Copy the entries exactly. Leave out any pictures.

[INFORMATION SUPPLIED]

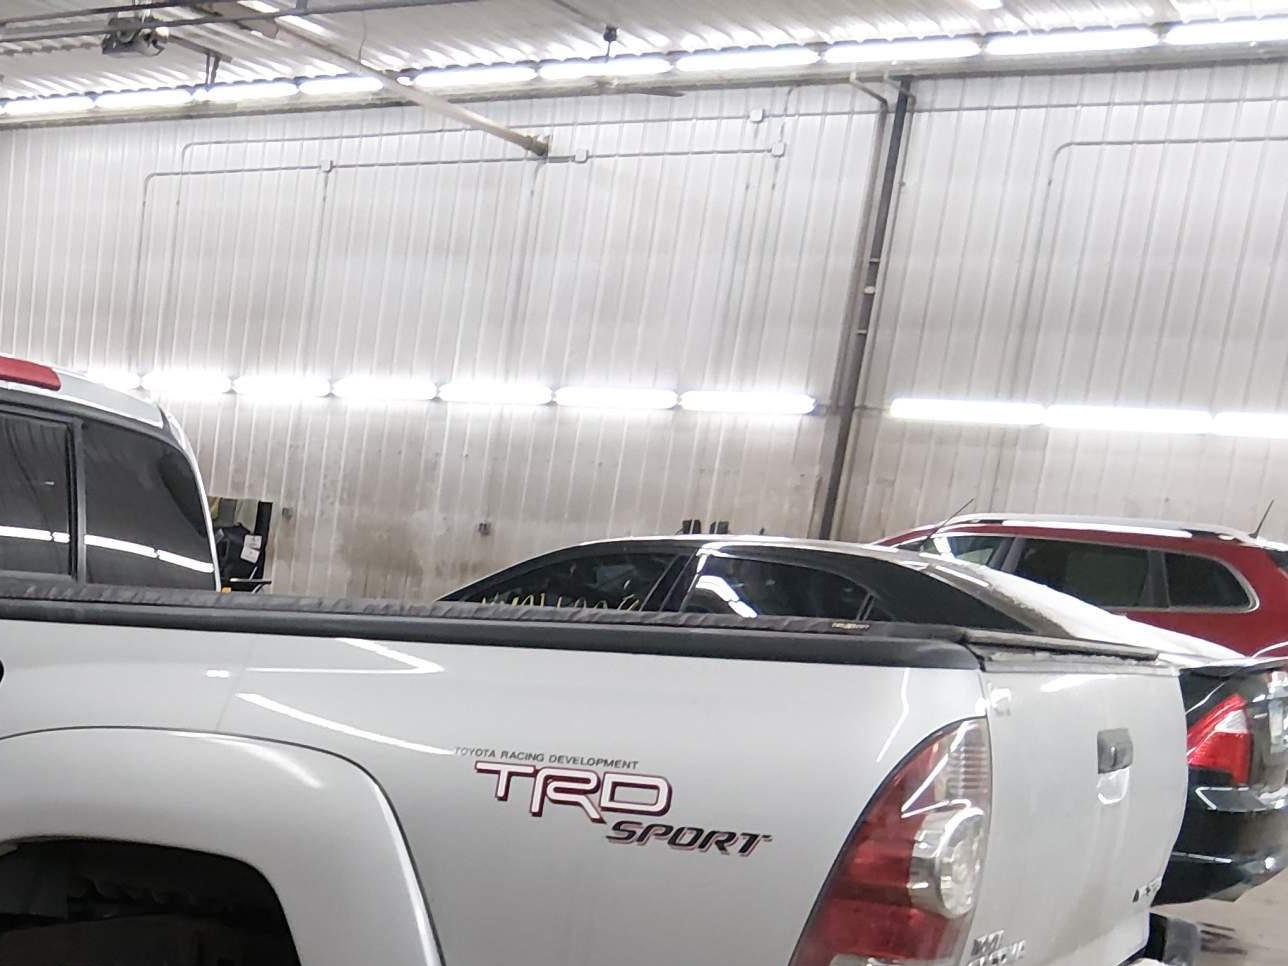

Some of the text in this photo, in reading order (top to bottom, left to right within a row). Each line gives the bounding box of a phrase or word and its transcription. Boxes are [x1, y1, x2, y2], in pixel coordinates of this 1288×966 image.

[455, 745, 640, 771] TOYOTA RACING DEVELOPMENT
[473, 760, 673, 824] TRD
[605, 819, 771, 857] SPORT
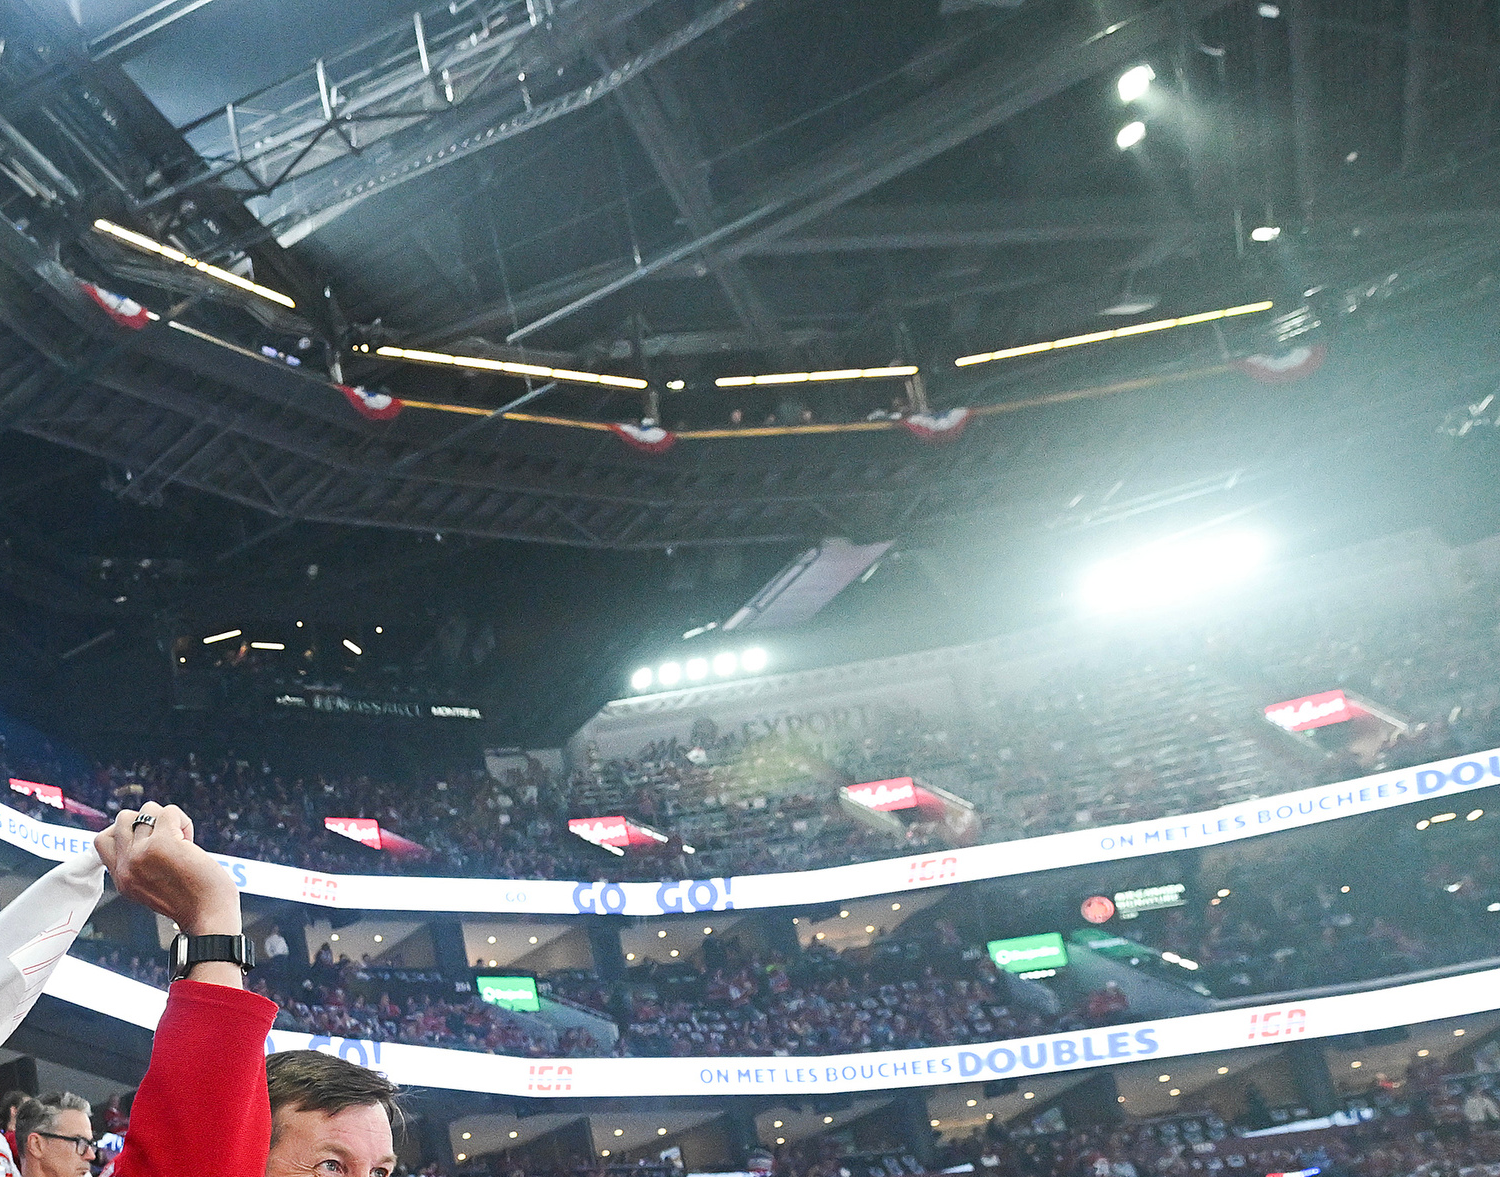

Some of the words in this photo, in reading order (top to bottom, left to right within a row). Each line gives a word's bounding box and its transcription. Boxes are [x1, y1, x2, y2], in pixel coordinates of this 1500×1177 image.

[/INFORMATION SUPPLIED]

* _RESPONSE TO THE EXERCISE_:
Some of the text in this photo, in reading order (top to bottom, left to right within a row). Each line gives the bounding box of a phrase or word and its transcription. Boxes are [x1, y1, x2, y2], in pixel coordinates of this 1288×966 image.

[455, 745, 640, 771] TOYOTA RACING DEVELOPMENT
[473, 760, 673, 824] TRD
[605, 819, 771, 857] SPORT

Some of the words in this photo, in reading order (top to bottom, left to right within a row). Each line gives a word's bounding box and its transcription. Boxes are [x1, y1, x2, y2], in pixel coordinates of this 1500×1177 image.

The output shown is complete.